Acyl-coenzyme A:cholesterol acyltransferase 1, commonly known as ACAT1, is an enzyme present in nearly all human cells. It helps the body process and manage cholesterol within cells by converting it into a storable form, preventing harmful accumulation. Understanding ACAT1’s functions provides insights into various aspects of human health, particularly lipid metabolism.
ACAT1’s Function in Cholesterol Management
ACAT1 serves as a regulator of cholesterol within cells, operating primarily within the endoplasmic reticulum (ER) membrane. Its function involves converting free cholesterol into cholesterol esters (CEs). This conversion occurs by transferring a fatty acyl group from acyl-CoA to cholesterol, creating a storable form of cholesterol.
Cells require this storage mechanism to prevent the buildup of free cholesterol, which can disrupt cell membranes and cellular processes. Stored cholesterol esters are held in cytoplasmic lipid droplets, acting as a reservoir. This stored cholesterol can be retrieved and converted back to free cholesterol when needed for various cellular functions, such as membrane synthesis or the production of steroid hormones.

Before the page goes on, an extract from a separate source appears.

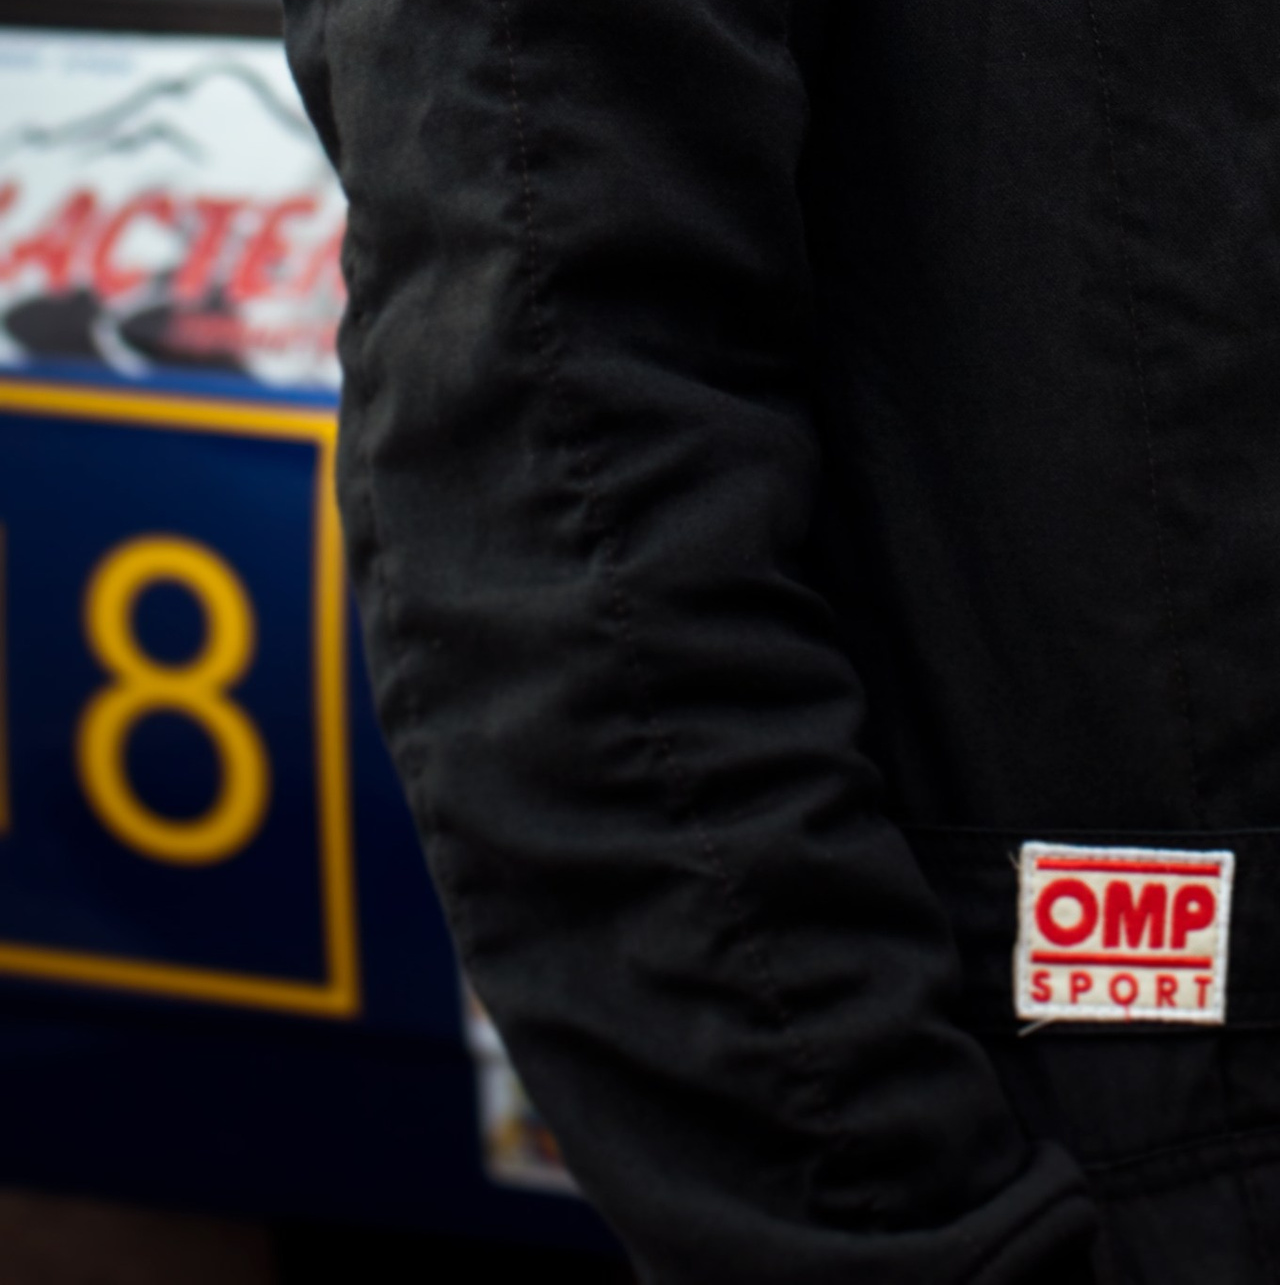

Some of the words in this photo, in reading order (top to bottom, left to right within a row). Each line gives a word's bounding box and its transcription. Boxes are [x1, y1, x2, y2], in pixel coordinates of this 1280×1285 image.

ACAT1 and Cardiovascular Health
ACAT1’s activity is linked to cardiovascular health, particularly in the context of atherosclerosis, a condition characterized by plaque buildup in arteries. In the early stages of atherosclerosis, macrophages, a type of immune cell, infiltrate arterial walls and take up excessive oxidized low-density lipoprotein (LDL) cholesterol. This excessive uptake leads to the transformation of macrophages into “foam cells,” which are laden with cholesterol esters.
ACAT1 is expressed in these macrophages and contributes to the esterification and accumulation of cholesterol within these foam cells. Accumulation of cholesterol esters within foam cells contributes to the progression of atherosclerotic plaques, narrowing arteries and impeding blood flow. While ACAT1 inhibition was initially thought to reduce cholesterol accumulation in atherosclerotic lesions, some studies have shown that pharmacological inhibition of ACAT1 in macrophages can increase foam cell formation in certain animal models.
ACAT1 in Brain Health
Cholesterol metabolism in the brain is unique from the rest of the body, as the brain largely synthesizes its own cholesterol and has limited exchange with peripheral cholesterol. ACAT1 is the primary ACAT isoform found in brain cells and plays a role in regulating brain cholesterol homeostasis. Its activity in the brain has garnered attention due to its potential connection to neurodegenerative conditions, especially Alzheimer’s disease (AD).
In Alzheimer’s disease, there is an increase in cholesterol ester content in vulnerable regions of the brain. Elevated cholesterol esters are linked with tau pathology in AD patient-derived neurons. Studies in mouse models of Alzheimer’s disease show that reducing ACAT1 activity, either through genetic deletion or pharmacological inhibition, can lead to beneficial effects, including a reduction in amyloid-beta levels and improved cognitive function. This suggests that modulating ACAT1 activity could influence the processing of amyloid-beta, a protein that forms plaques characteristic of Alzheimer’s disease.